Step 3: Rough In the Water Supply Lines

With the drain set, turn your attention to the supply lines. Shut off the water to the house and run half-inch hot and cold lines from the nearest main to the location of your shower valve. Keep hot on the left and cold on the right, consistent with standard plumbing convention. Secure the pipes every few feet with insulated clamps to prevent banging and movement inside the wall cavity. If you are working with older galvanized or polybutylene plumbing, this is a great time to budget for whole-house repiping rather than patching new onto failing pipes — a scenario we often see in older Bucks County homes that benefit from a trusted neighborhood plumber.

Step 4: Install the Shower Valve

Mount the shower valve at a comfortable height, usually around 42 to 48 inches above the finished floor, and secure it to a wooden cross brace between two studs. Double-check the orientation — the valve body is marked with arrows or labels for hot in, cold in, shower up, and tub out (if applicable). Use the plaster guard that came with the valve to protect it during drywall and tile work, and to confirm the correct depth for the finished wall surface.

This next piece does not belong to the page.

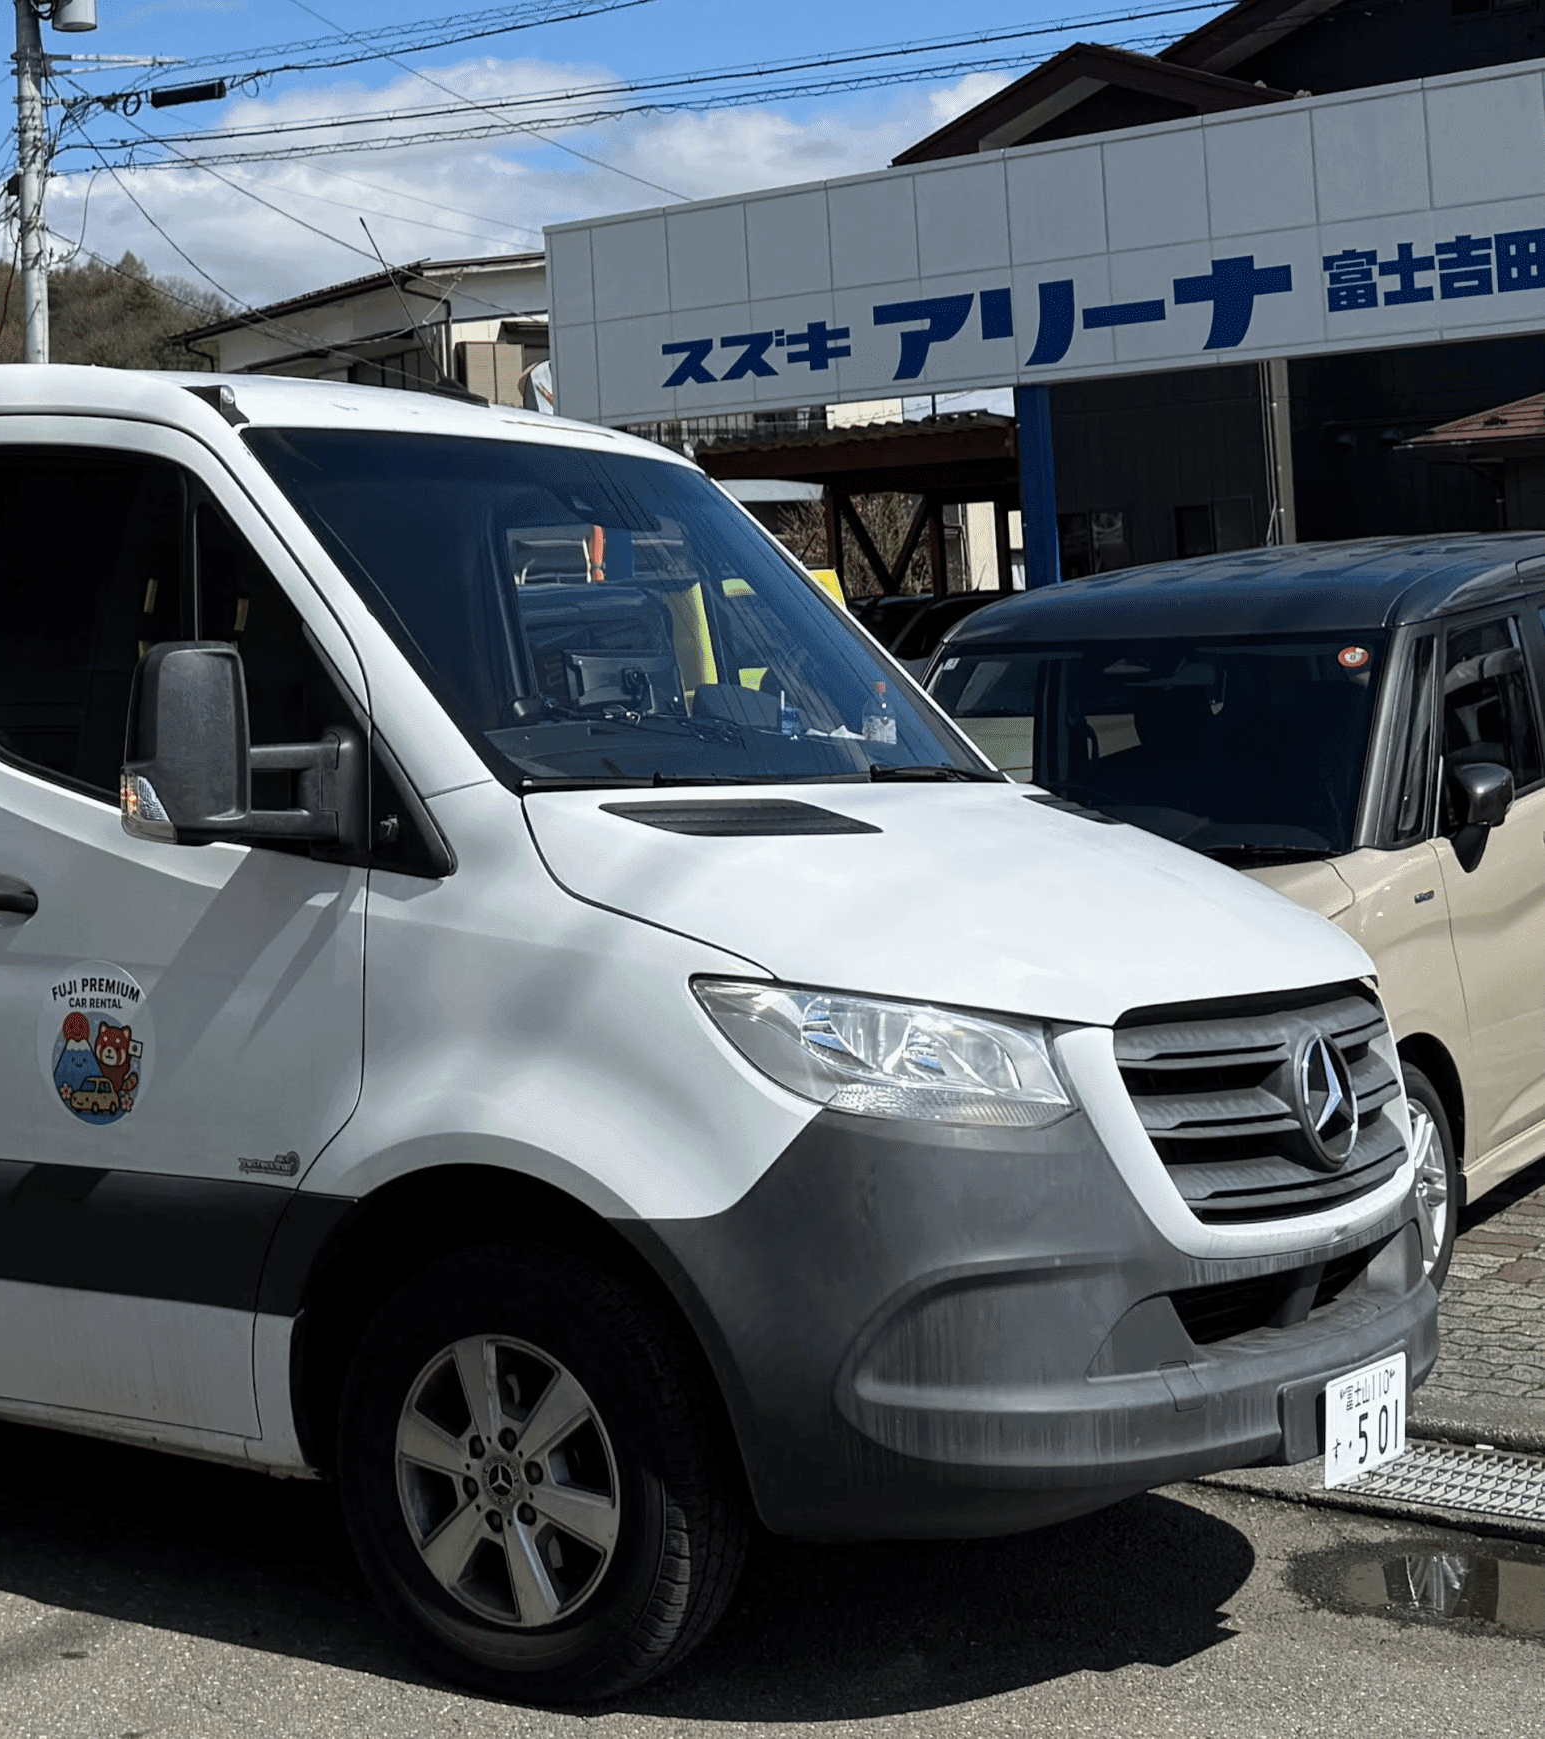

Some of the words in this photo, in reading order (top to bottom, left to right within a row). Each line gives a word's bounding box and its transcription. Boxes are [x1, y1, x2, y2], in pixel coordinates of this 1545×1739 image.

Step 5: Connect the Showerhead Riser

Run a half-inch line from the shower-up outlet of the valve to the showerhead location, typically 72 to 80 inches above the finished floor. Terminate the riser with a drop-ear elbow anchored securely to a cross brace so it does not flex when the showerhead is tightened. This small detail is the difference between a professional-feeling installation and a wobbly showerhead that loosens every few weeks.

Step 6: Pressure Test the System

Before any insulation or drywall goes back up, pressure-test your work. Cap all open ends, turn the water back on, and charge the supply lines to household pressure. Inspect every joint with a dry hand or paper towel, looking for drips or sweating. For the drain side, fill the trap and pour water down the line while watching for leaks at every joint. Most inspectors also require this test before they will sign off on the rough-in.

Common Mistakes to Avoid

Even careful DIYers run into the same handful of problems on shower installations. Watching for these early saves you tear-out work later:

  • Setting the drain at the wrong height for the finished pan or tile thickness
  • Forgetting to slope the drainpipe properly, causing slow drainage and buildup
  • Skipping the vent or undersizing it, which leads to stubborn drain clogs and backups over time
  • Reversing hot and cold supply lines at the valve
  • Failing to pressure test before closing up the wall

If you find yourself second-guessing any of these steps, it is almost always cheaper to bring in a professional than to tear out tile and drywall to fix a hidden mistake.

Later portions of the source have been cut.